Publication: PM Engineer
Publication Date: 01-MAY-09
Format: Online
Delivery: Immediate Online Access

Article Excerpt
As 2009 unfolds, there are many concerns about how the HVAC industry, especially the portion associated with new construction, will fare in the months (years?) ahead. America appears to have reached a point where a retracting economy and unstable energy prices have driven building owners to reexamine priorities.

[FIGURE 1 OMITTED]

The frills and energy-related complacency that were more easily absorbed in construction budgets only a few years ago are giving way to pragmatic choices about the efficacy of the building, its appeal to future tenants, its long-term impact on the environment, and its cost of operation.

One technology benefiting from this reexamination of priorities is geothermal heat pump systems. Although certainly not new in the HVAC industry, these systems offer a set of attributes that makes them well suited to the current situation:

1. They can be quickly switched from heating to cooling or vice versa as the needs of the zone change.

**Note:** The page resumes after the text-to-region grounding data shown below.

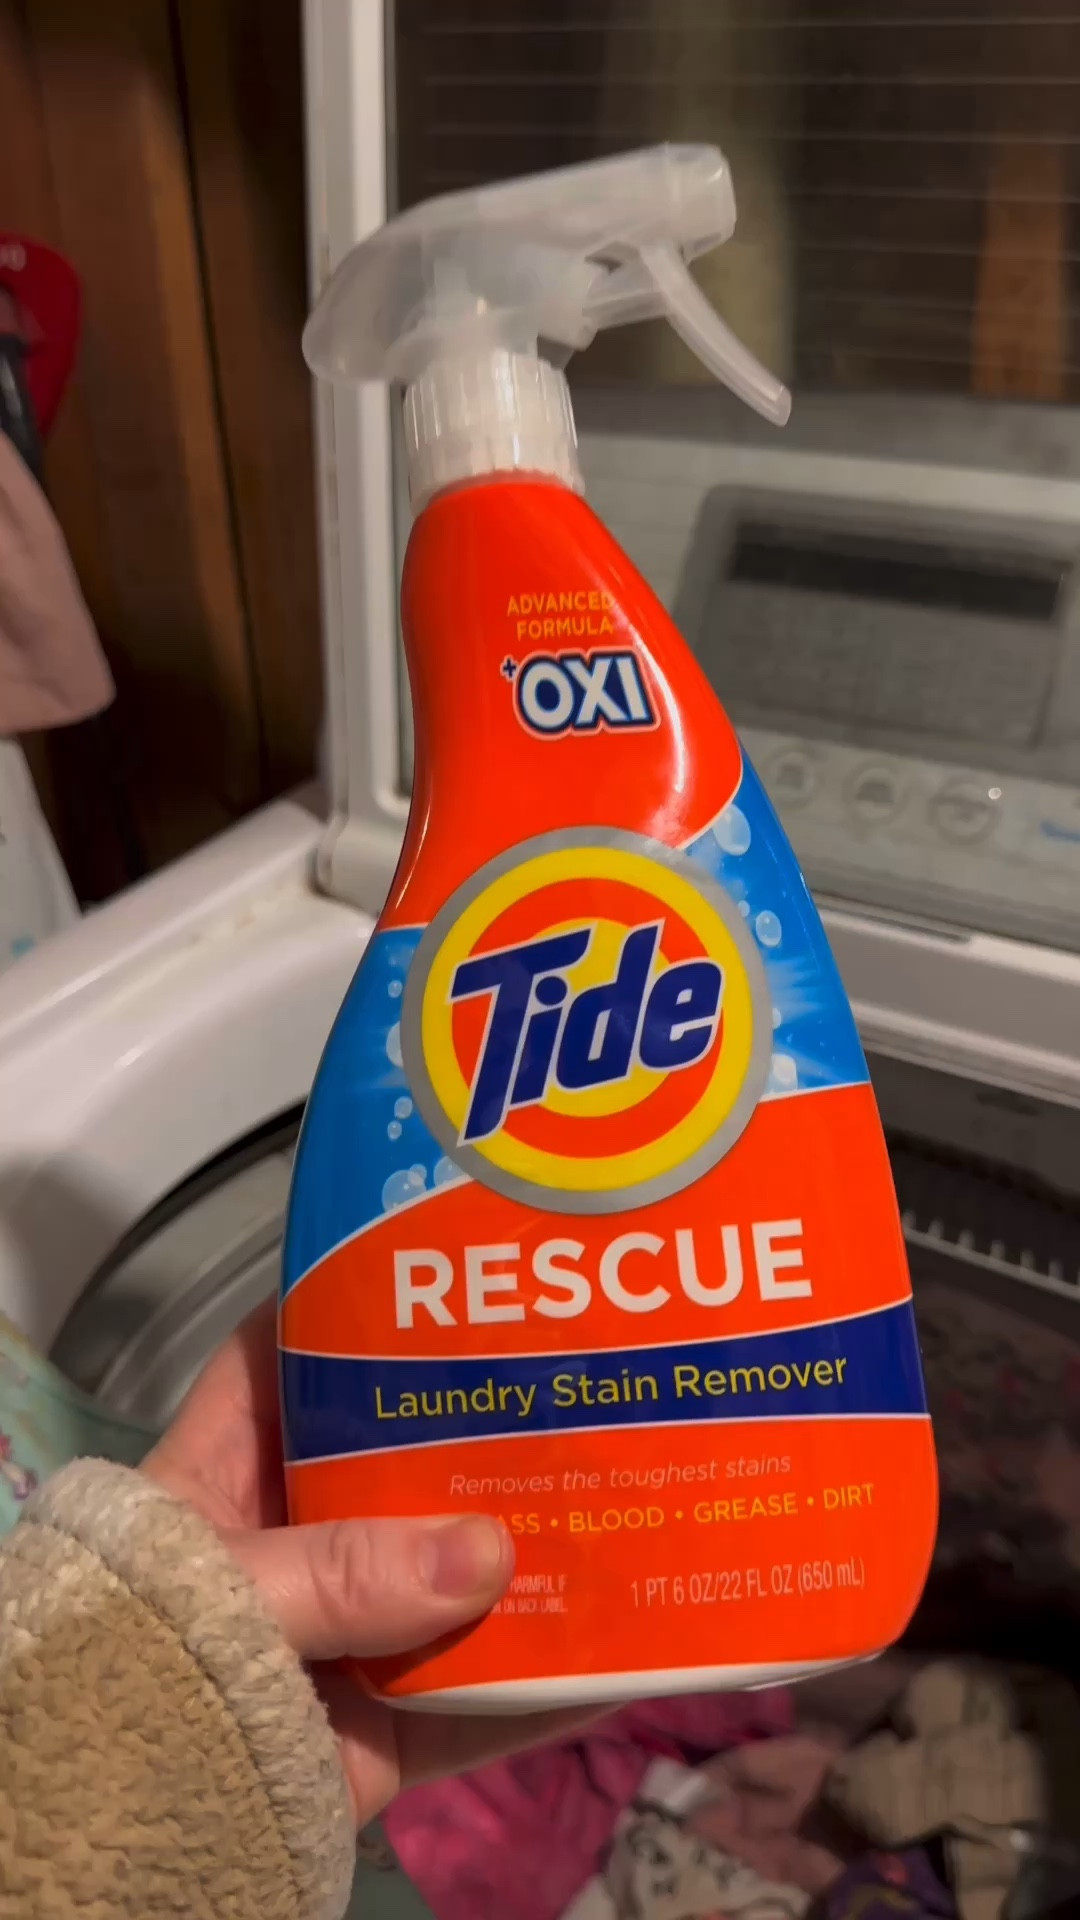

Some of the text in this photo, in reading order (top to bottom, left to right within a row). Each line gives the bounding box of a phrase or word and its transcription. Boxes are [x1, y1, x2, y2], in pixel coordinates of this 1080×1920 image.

[507, 591, 615, 616] ADVANCED
[516, 616, 614, 641] FORMULA
[447, 918, 725, 1147] Tide
[393, 1218, 813, 1328] RESCUE
[375, 1356, 847, 1420] Laundry Stain Remover
[450, 1453, 791, 1496] Removes the toughest stains
[569, 1506, 664, 1533] BLOOD
[694, 1492, 798, 1523] GREASE
[823, 1483, 874, 1510] DIRT
[630, 1555, 865, 1608] 1 PT 6 OZ/22 FL OZ (650 mL)

2. In commercial buildings, they take advantage of load diversity (e.g., a common situation in commercial buildings in which there are simultaneous demands for heat and cooling in different zones).

3. Their efficiency, in well-matched applications, lets them deliver heat at a unit cost that's significantly lower than provided by other fuel options.

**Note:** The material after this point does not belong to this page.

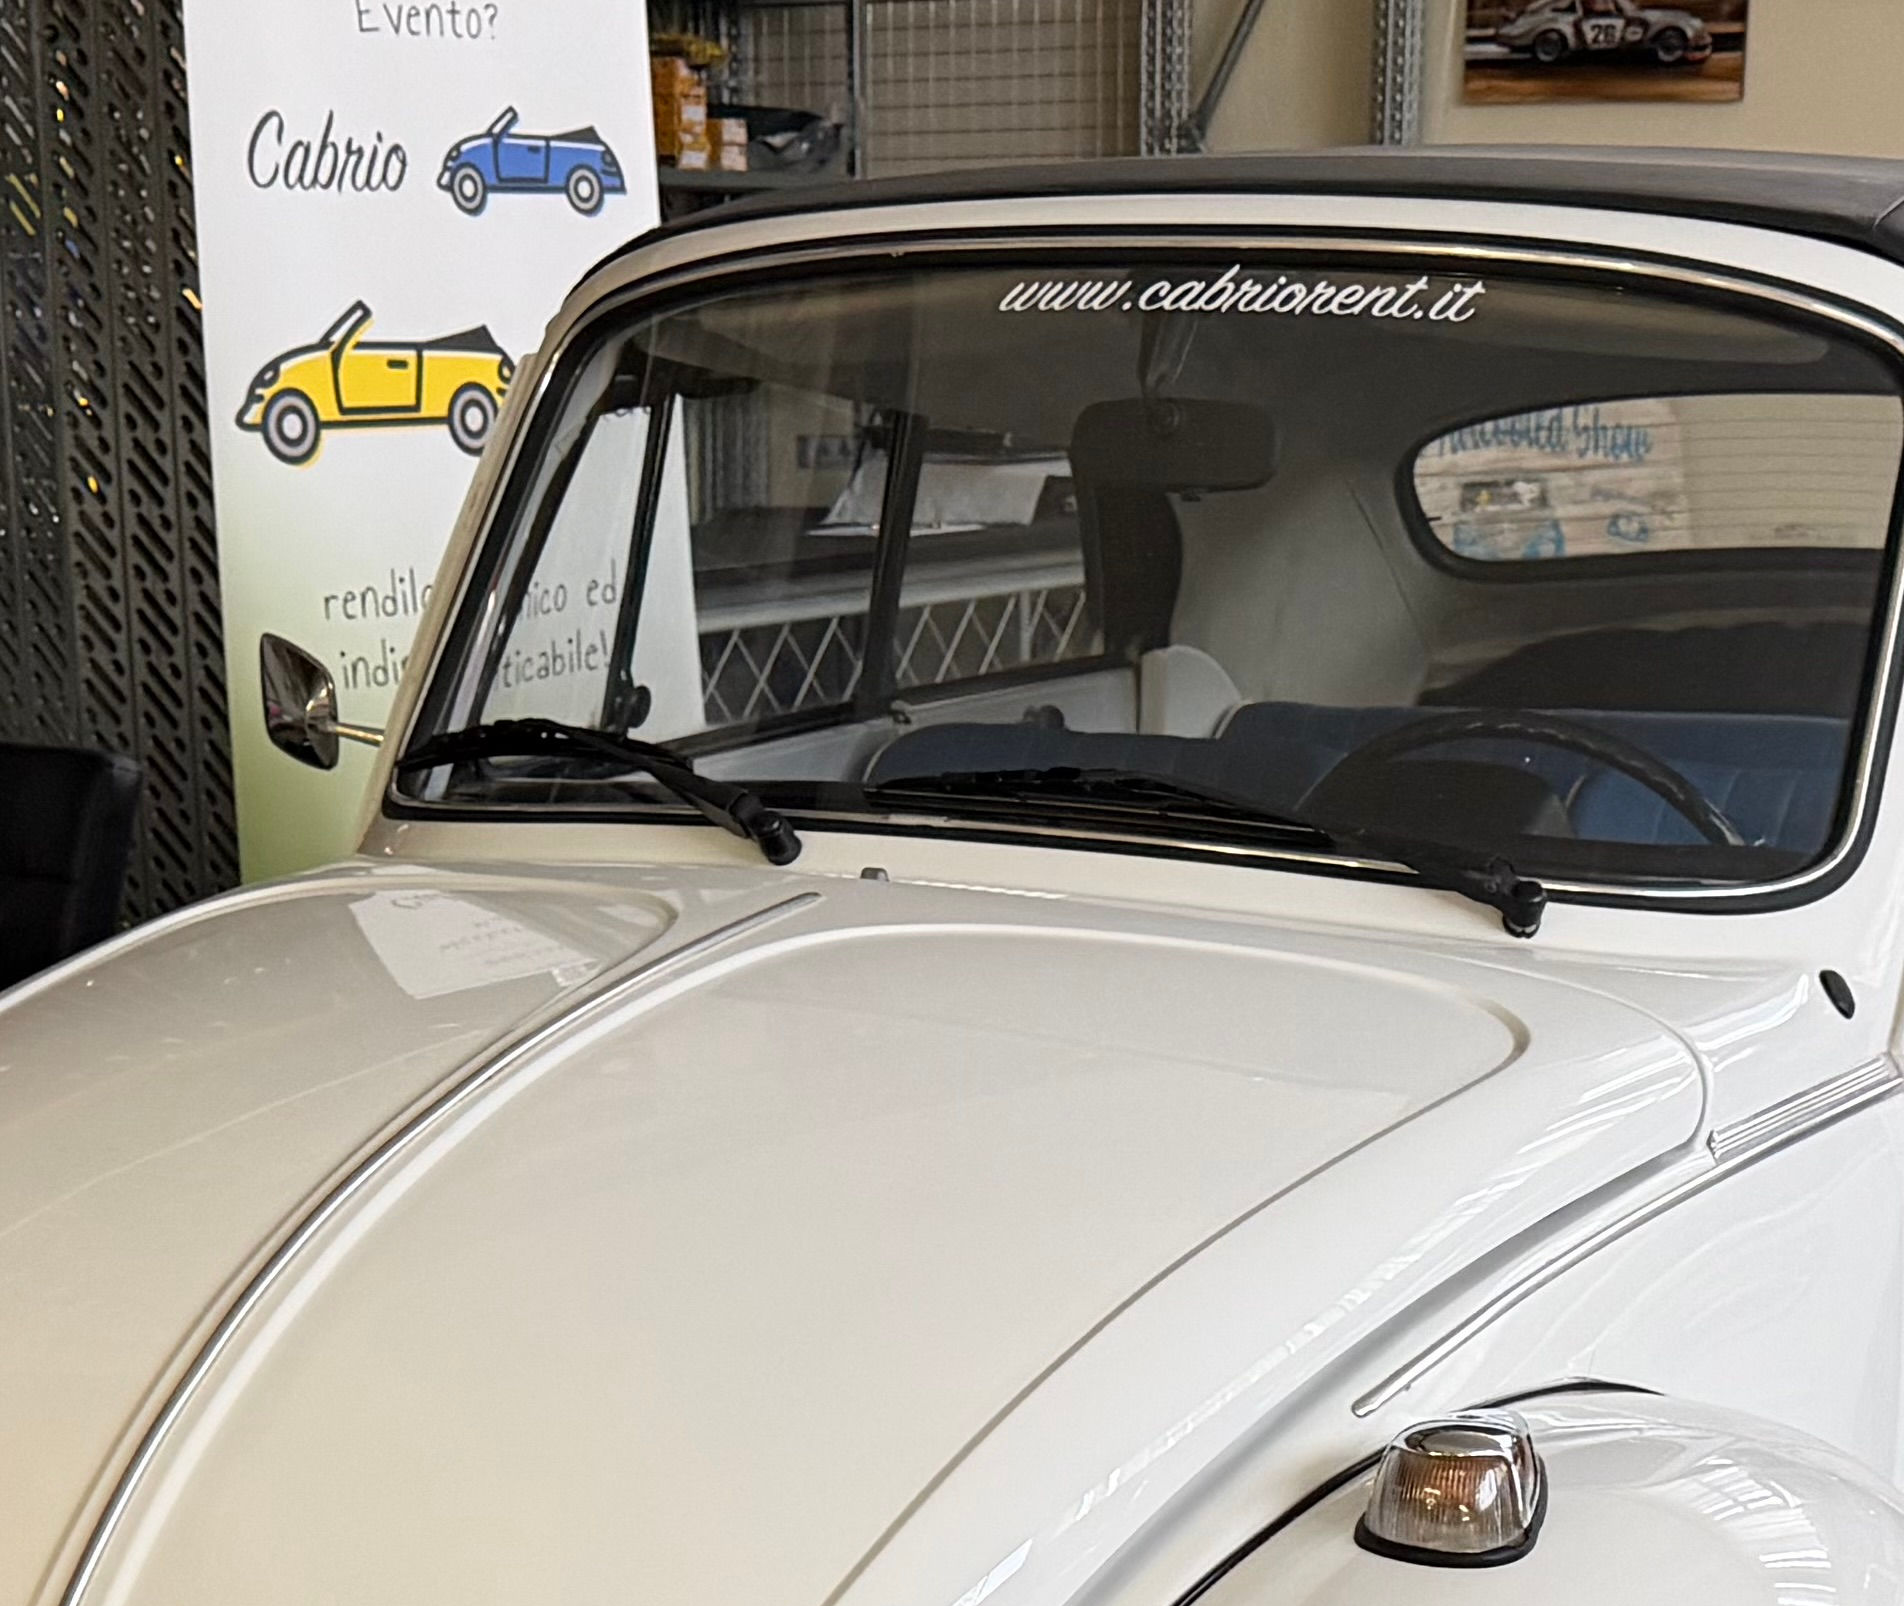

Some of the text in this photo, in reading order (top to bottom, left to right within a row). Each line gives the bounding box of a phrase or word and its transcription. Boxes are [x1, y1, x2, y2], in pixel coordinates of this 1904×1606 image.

4. They harvest the majority of their heating energy from "phase delayed solar energy" (e.g., solar heat stored in the earth for several months), and, thus, can legitimately be classified as a renewable energy system. Congress recently made this "official" through wording in the economic stimulus legislation.

5. They are complementary to electrical energy produced by clean-energy sources such as photovoltaic systems, wind power and hydropower.

6. Since they only require electricity as a "fuel," they lend themselves...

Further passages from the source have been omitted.